(Records excerpted from a collection)
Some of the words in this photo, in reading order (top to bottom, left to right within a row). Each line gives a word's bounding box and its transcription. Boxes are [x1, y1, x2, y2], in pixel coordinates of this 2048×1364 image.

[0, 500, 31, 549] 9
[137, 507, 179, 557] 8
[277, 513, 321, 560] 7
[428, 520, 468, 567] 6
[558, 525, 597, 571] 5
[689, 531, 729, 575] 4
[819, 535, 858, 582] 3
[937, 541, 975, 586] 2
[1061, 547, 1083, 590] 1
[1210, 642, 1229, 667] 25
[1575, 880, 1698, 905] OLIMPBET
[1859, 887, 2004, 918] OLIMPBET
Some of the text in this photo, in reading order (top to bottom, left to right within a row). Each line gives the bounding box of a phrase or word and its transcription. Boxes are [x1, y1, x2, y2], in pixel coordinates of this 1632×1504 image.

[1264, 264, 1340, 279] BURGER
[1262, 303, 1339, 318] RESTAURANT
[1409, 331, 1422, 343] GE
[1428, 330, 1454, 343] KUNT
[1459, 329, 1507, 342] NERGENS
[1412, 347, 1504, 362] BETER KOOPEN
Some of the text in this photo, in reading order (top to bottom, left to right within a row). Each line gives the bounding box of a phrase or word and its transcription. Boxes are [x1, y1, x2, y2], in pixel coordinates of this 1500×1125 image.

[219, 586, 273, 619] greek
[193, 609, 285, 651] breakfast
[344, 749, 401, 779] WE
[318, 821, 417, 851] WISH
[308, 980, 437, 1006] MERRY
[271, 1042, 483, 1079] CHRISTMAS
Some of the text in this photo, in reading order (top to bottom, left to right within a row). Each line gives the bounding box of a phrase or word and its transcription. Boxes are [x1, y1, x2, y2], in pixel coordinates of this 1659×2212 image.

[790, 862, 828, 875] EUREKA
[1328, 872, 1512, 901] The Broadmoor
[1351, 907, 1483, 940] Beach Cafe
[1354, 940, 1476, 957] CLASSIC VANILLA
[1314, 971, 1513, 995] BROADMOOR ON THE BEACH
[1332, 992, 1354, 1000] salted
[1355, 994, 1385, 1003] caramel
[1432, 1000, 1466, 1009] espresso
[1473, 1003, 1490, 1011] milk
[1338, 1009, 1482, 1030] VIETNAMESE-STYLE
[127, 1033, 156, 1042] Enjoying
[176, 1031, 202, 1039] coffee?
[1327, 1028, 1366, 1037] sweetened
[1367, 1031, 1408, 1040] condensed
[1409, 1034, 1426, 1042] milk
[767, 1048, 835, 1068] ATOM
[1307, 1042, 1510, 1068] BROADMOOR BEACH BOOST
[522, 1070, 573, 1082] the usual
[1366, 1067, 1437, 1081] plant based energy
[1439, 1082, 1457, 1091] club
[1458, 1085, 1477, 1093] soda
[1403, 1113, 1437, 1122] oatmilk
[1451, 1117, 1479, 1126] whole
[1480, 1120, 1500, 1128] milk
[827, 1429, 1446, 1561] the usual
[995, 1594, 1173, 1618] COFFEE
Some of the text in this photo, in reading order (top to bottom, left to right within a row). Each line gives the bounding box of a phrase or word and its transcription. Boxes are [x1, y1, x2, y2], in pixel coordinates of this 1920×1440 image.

What the exercise asks => The data above must be restated word for word.

Result of the task =>
Some of the words in this photo, in reading order (top to bottom, left to right within a row). Each line gives a word's bounding box and its transcription. Boxes are [x1, y1, x2, y2], in pixel coordinates of this 2048×1364 image.

[0, 500, 31, 549] 9
[137, 507, 179, 557] 8
[277, 513, 321, 560] 7
[428, 520, 468, 567] 6
[558, 525, 597, 571] 5
[689, 531, 729, 575] 4
[819, 535, 858, 582] 3
[937, 541, 975, 586] 2
[1061, 547, 1083, 590] 1
[1210, 642, 1229, 667] 25
[1575, 880, 1698, 905] OLIMPBET
[1859, 887, 2004, 918] OLIMPBET
Some of the text in this photo, in reading order (top to bottom, left to right within a row). Each line gives the bounding box of a phrase or word and its transcription. Boxes are [x1, y1, x2, y2], in pixel coordinates of this 1632×1504 image.

[1264, 264, 1340, 279] BURGER
[1262, 303, 1339, 318] RESTAURANT
[1409, 331, 1422, 343] GE
[1428, 330, 1454, 343] KUNT
[1459, 329, 1507, 342] NERGENS
[1412, 347, 1504, 362] BETER KOOPEN
Some of the text in this photo, in reading order (top to bottom, left to right within a row). Each line gives the bounding box of a phrase or word and its transcription. Boxes are [x1, y1, x2, y2], in pixel coordinates of this 1500×1125 image.

[219, 586, 273, 619] greek
[193, 609, 285, 651] breakfast
[344, 749, 401, 779] WE
[318, 821, 417, 851] WISH
[308, 980, 437, 1006] MERRY
[271, 1042, 483, 1079] CHRISTMAS
Some of the text in this photo, in reading order (top to bottom, left to right within a row). Each line gives the bounding box of a phrase or word and its transcription. Boxes are [x1, y1, x2, y2], in pixel coordinates of this 1659×2212 image.

[790, 862, 828, 875] EUREKA
[1328, 872, 1512, 901] The Broadmoor
[1351, 907, 1483, 940] Beach Cafe
[1354, 940, 1476, 957] CLASSIC VANILLA
[1314, 971, 1513, 995] BROADMOOR ON THE BEACH
[1332, 992, 1354, 1000] salted
[1355, 994, 1385, 1003] caramel
[1432, 1000, 1466, 1009] espresso
[1473, 1003, 1490, 1011] milk
[1338, 1009, 1482, 1030] VIETNAMESE-STYLE
[127, 1033, 156, 1042] Enjoying
[176, 1031, 202, 1039] coffee?
[1327, 1028, 1366, 1037] sweetened
[1367, 1031, 1408, 1040] condensed
[1409, 1034, 1426, 1042] milk
[767, 1048, 835, 1068] ATOM
[1307, 1042, 1510, 1068] BROADMOOR BEACH BOOST
[522, 1070, 573, 1082] the usual
[1366, 1067, 1437, 1081] plant based energy
[1439, 1082, 1457, 1091] club
[1458, 1085, 1477, 1093] soda
[1403, 1113, 1437, 1122] oatmilk
[1451, 1117, 1479, 1126] whole
[1480, 1120, 1500, 1128] milk
[827, 1429, 1446, 1561] the usual
[995, 1594, 1173, 1618] COFFEE
Some of the text in this photo, in reading order (top to bottom, left to right within a row). Each line gives the bounding box of a phrase or word and its transcription. Boxes are [x1, y1, x2, y2], in pixel coordinates of this 1920×1440 image.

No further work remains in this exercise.